# DATASET ENTRIES:
◇ ◇ ◇ ◇ ◇ ◇ ◇

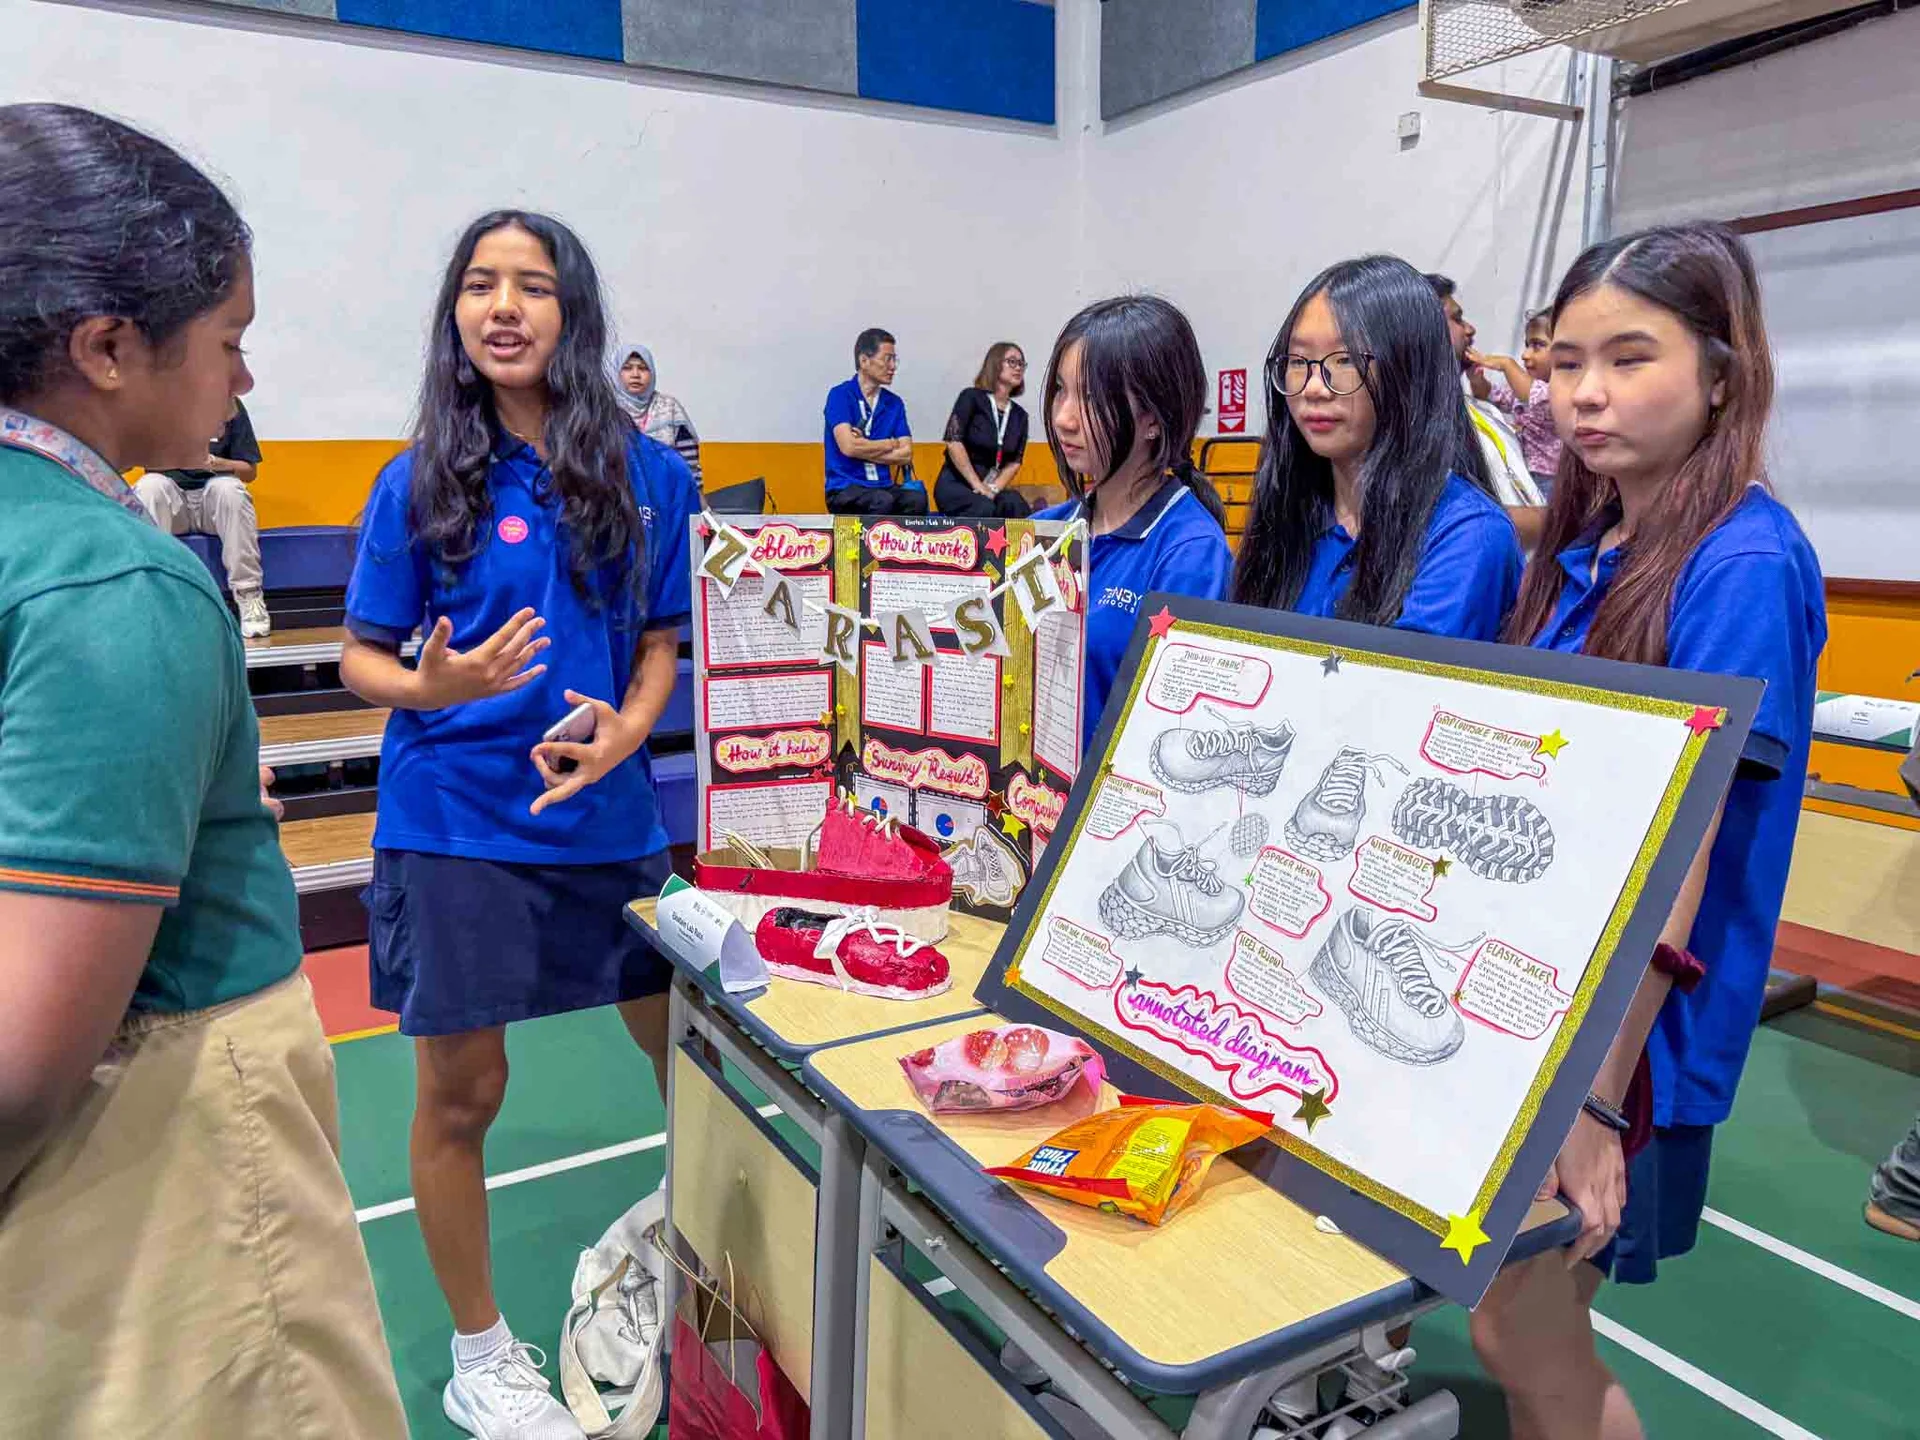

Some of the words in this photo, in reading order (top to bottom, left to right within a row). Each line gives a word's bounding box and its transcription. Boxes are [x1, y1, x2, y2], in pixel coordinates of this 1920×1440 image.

[750, 533, 816, 561] oblem
[879, 532, 909, 552] How
[912, 534, 924, 555] it
[928, 538, 970, 560] works
[728, 743, 762, 763] How
[768, 741, 781, 758] it
[926, 753, 980, 788] Results
[1265, 850, 1295, 869] SPACER
[1370, 838, 1393, 855] WIDE
[1486, 942, 1523, 968] ELASTIC
[1127, 992, 1230, 1048] annotated
[1223, 1025, 1319, 1085] diagram
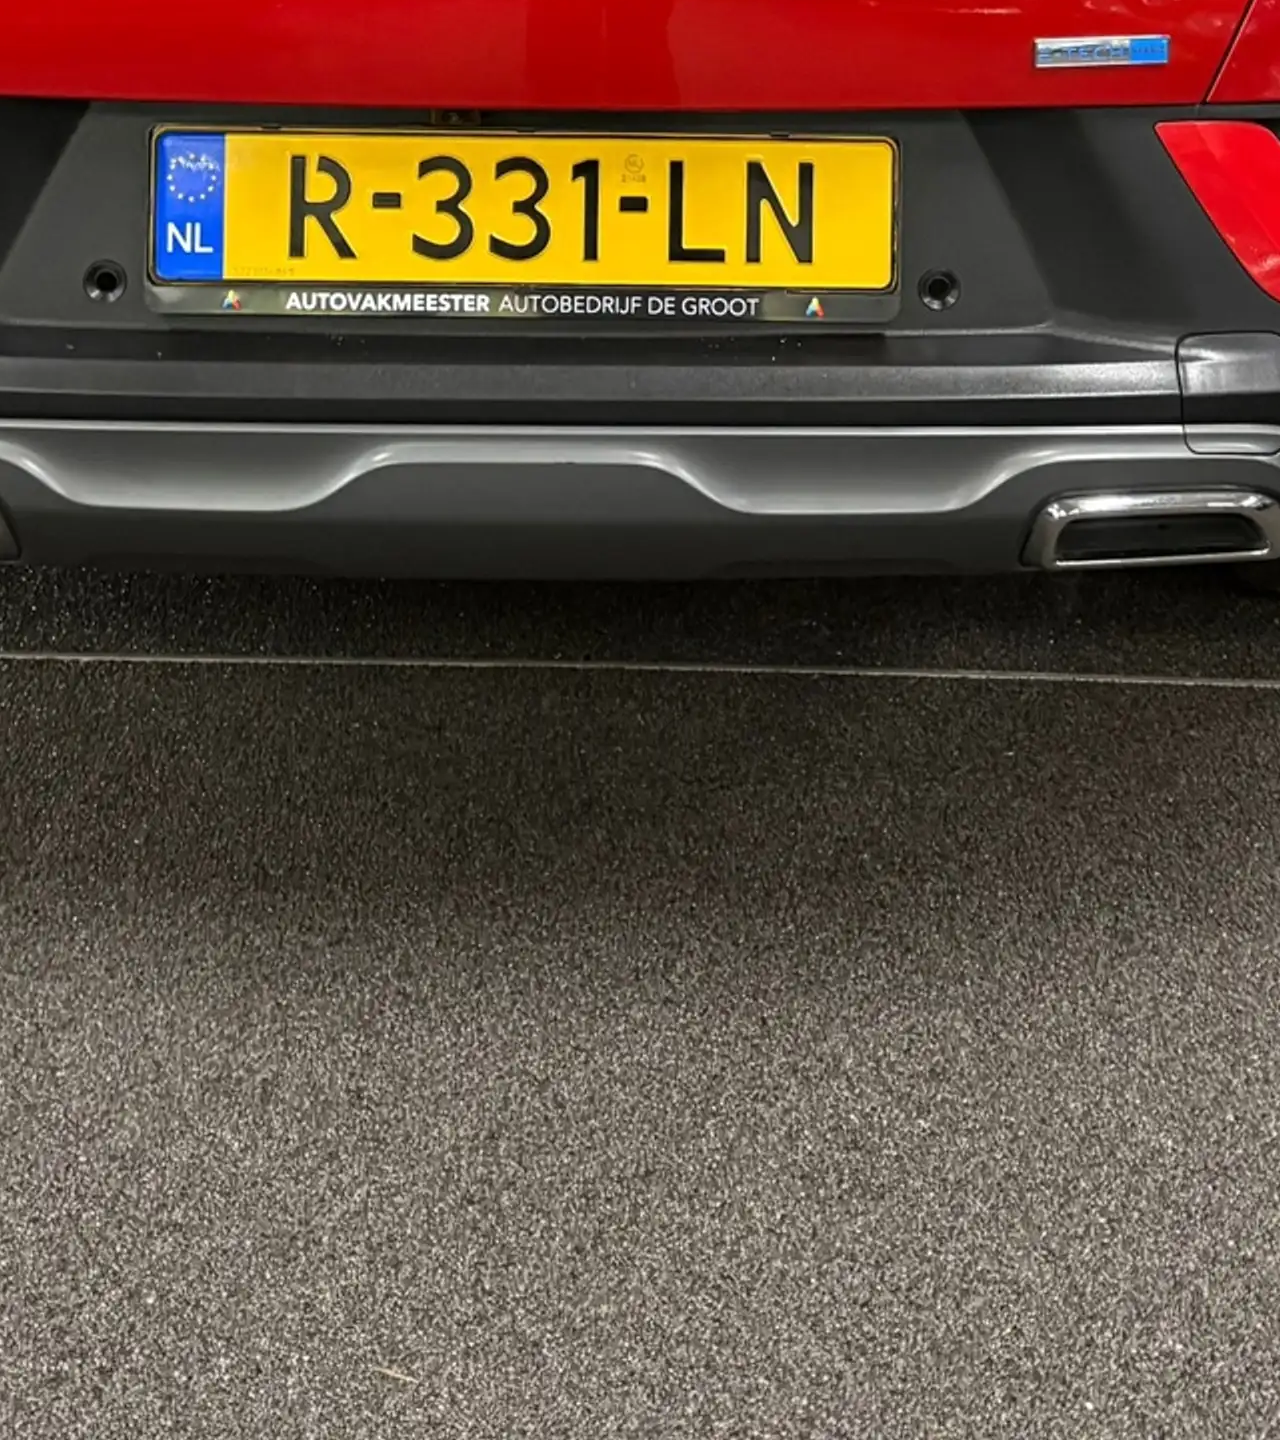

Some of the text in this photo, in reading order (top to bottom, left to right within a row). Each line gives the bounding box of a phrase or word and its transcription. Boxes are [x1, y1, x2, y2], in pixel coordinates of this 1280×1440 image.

[287, 154, 816, 265] R-331-LN
[166, 221, 215, 254] NL
[286, 291, 760, 317] AUTOVAKMEESTER AUTOBEDRIJF DE GROOT
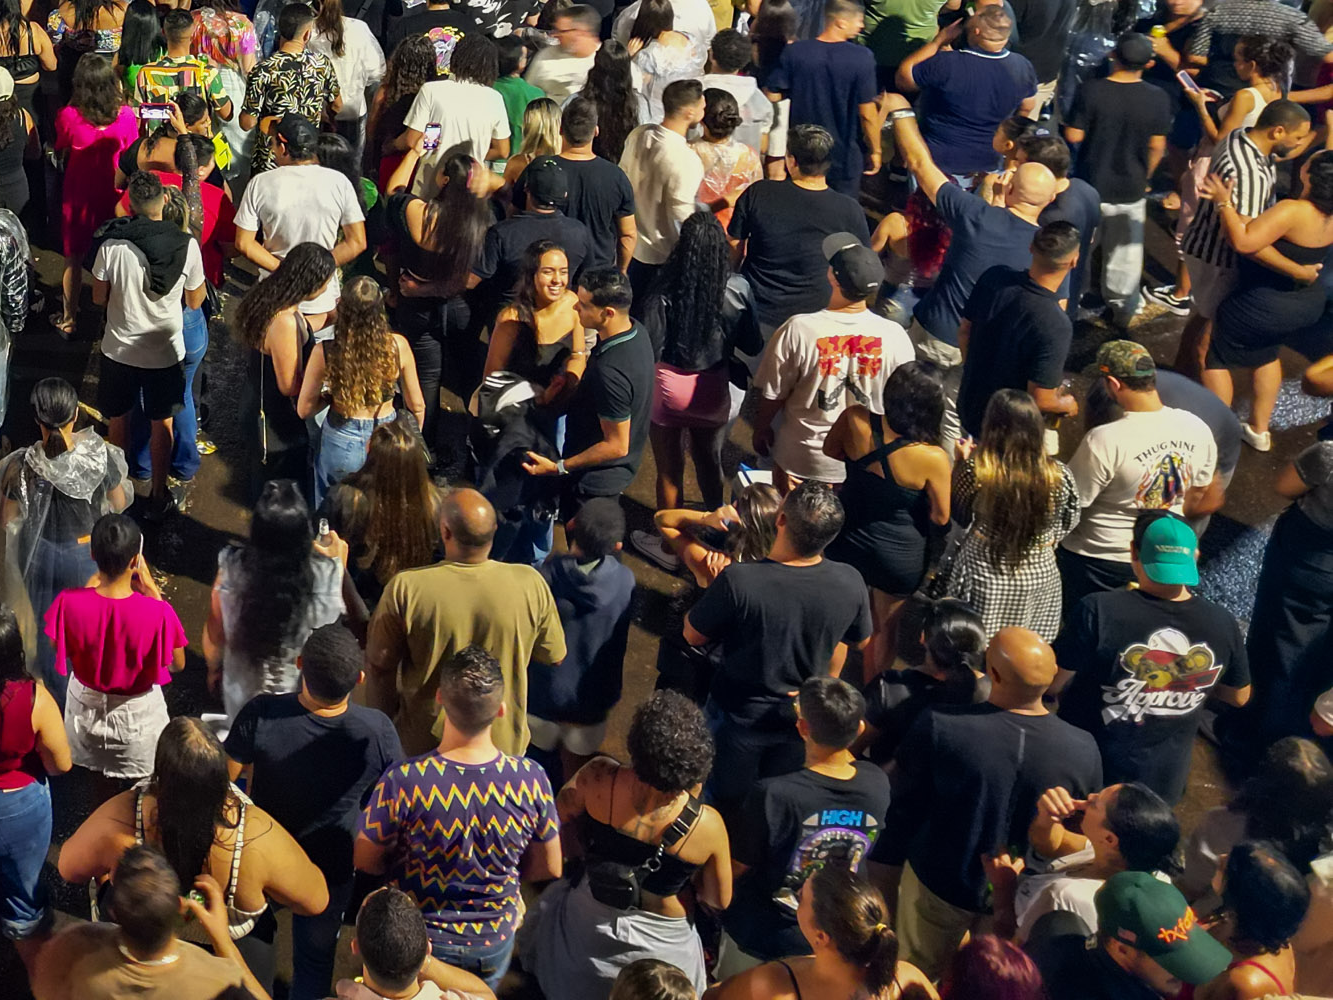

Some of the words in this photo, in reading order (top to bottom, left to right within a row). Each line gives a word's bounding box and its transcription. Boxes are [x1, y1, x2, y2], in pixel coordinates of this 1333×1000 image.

[1134, 443, 1168, 464] THUG
[1170, 440, 1197, 453] NINE
[1104, 678, 1207, 722] Approve
[820, 809, 864, 827] HIGH

◇ ◇ ◇ ◇ ◇ ◇ ◇

# WORK TO BE COMPLETED:
Copy the line containing "this 1333×1000 image." and every line after it, through the last line of the records. Include nothing else.

# YOUR RESPONSE:
Some of the words in this photo, in reading order (top to bottom, left to right within a row). Each line gives a word's bounding box and its transcription. Boxes are [x1, y1, x2, y2], in pixel coordinates of this 1333×1000 image.

[1134, 443, 1168, 464] THUG
[1170, 440, 1197, 453] NINE
[1104, 678, 1207, 722] Approve
[820, 809, 864, 827] HIGH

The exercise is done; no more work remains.